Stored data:
▼

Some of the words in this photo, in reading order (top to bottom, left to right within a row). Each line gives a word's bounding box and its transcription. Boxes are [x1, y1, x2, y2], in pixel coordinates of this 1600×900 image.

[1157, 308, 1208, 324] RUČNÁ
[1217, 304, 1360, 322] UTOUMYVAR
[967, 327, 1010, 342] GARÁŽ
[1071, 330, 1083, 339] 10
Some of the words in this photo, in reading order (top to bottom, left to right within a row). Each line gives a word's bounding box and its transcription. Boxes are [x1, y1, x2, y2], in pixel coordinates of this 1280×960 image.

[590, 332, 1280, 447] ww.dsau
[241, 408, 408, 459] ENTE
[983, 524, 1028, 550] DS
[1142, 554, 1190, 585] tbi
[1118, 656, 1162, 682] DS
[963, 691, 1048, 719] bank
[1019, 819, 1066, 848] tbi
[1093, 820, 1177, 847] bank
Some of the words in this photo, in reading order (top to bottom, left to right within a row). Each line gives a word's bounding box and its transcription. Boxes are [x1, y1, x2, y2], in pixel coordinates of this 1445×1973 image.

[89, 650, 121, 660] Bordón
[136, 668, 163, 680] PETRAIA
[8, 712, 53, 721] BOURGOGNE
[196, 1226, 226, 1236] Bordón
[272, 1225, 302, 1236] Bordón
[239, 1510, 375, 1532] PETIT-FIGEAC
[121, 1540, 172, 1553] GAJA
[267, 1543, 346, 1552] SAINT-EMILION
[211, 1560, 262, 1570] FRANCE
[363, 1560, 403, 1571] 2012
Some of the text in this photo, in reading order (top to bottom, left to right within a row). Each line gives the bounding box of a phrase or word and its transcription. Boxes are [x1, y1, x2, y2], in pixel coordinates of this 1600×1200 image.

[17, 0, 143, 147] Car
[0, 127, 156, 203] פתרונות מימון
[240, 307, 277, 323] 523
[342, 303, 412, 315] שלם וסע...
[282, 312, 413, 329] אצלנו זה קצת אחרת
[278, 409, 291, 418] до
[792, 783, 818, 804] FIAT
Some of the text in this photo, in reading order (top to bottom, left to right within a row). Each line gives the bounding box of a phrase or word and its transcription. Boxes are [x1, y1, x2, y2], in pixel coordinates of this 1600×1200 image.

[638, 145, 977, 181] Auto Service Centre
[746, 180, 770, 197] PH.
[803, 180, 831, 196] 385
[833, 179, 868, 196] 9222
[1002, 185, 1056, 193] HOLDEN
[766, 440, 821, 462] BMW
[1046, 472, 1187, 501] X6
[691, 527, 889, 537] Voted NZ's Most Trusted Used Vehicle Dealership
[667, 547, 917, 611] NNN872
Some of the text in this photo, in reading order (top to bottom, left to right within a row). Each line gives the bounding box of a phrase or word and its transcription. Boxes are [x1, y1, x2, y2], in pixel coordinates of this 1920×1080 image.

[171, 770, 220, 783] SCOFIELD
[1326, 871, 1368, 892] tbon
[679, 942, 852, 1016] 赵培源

▲

Aim of the task:
The complete set of entries is to be restated word for word.

Task solution:
Some of the words in this photo, in reading order (top to bottom, left to right within a row). Each line gives a word's bounding box and its transcription. Boxes are [x1, y1, x2, y2], in pixel coordinates of this 1600×900 image.

[1157, 308, 1208, 324] RUČNÁ
[1217, 304, 1360, 322] UTOUMYVAR
[967, 327, 1010, 342] GARÁŽ
[1071, 330, 1083, 339] 10
Some of the words in this photo, in reading order (top to bottom, left to right within a row). Each line gives a word's bounding box and its transcription. Boxes are [x1, y1, x2, y2], in pixel coordinates of this 1280×960 image.

[590, 332, 1280, 447] ww.dsau
[241, 408, 408, 459] ENTE
[983, 524, 1028, 550] DS
[1142, 554, 1190, 585] tbi
[1118, 656, 1162, 682] DS
[963, 691, 1048, 719] bank
[1019, 819, 1066, 848] tbi
[1093, 820, 1177, 847] bank
Some of the words in this photo, in reading order (top to bottom, left to right within a row). Each line gives a word's bounding box and its transcription. Boxes are [x1, y1, x2, y2], in pixel coordinates of this 1445×1973 image.

[89, 650, 121, 660] Bordón
[136, 668, 163, 680] PETRAIA
[8, 712, 53, 721] BOURGOGNE
[196, 1226, 226, 1236] Bordón
[272, 1225, 302, 1236] Bordón
[239, 1510, 375, 1532] PETIT-FIGEAC
[121, 1540, 172, 1553] GAJA
[267, 1543, 346, 1552] SAINT-EMILION
[211, 1560, 262, 1570] FRANCE
[363, 1560, 403, 1571] 2012
Some of the text in this photo, in reading order (top to bottom, left to right within a row). Each line gives the bounding box of a phrase or word and its transcription. Boxes are [x1, y1, x2, y2], in pixel coordinates of this 1600×1200 image.

[17, 0, 143, 147] Car
[0, 127, 156, 203] פתרונות מימון
[240, 307, 277, 323] 523
[342, 303, 412, 315] שלם וסע...
[282, 312, 413, 329] אצלנו זה קצת אחרת
[278, 409, 291, 418] до
[792, 783, 818, 804] FIAT
Some of the text in this photo, in reading order (top to bottom, left to right within a row). Each line gives the bounding box of a phrase or word and its transcription. Boxes are [x1, y1, x2, y2], in pixel coordinates of this 1600×1200 image.

[638, 145, 977, 181] Auto Service Centre
[746, 180, 770, 197] PH.
[803, 180, 831, 196] 385
[833, 179, 868, 196] 9222
[1002, 185, 1056, 193] HOLDEN
[766, 440, 821, 462] BMW
[1046, 472, 1187, 501] X6
[691, 527, 889, 537] Voted NZ's Most Trusted Used Vehicle Dealership
[667, 547, 917, 611] NNN872
Some of the text in this photo, in reading order (top to bottom, left to right within a row). Each line gives the bounding box of a phrase or word and its transcription. Boxes are [x1, y1, x2, y2], in pixel coordinates of this 1920×1080 image.

[171, 770, 220, 783] SCOFIELD
[1326, 871, 1368, 892] tbon
[679, 942, 852, 1016] 赵培源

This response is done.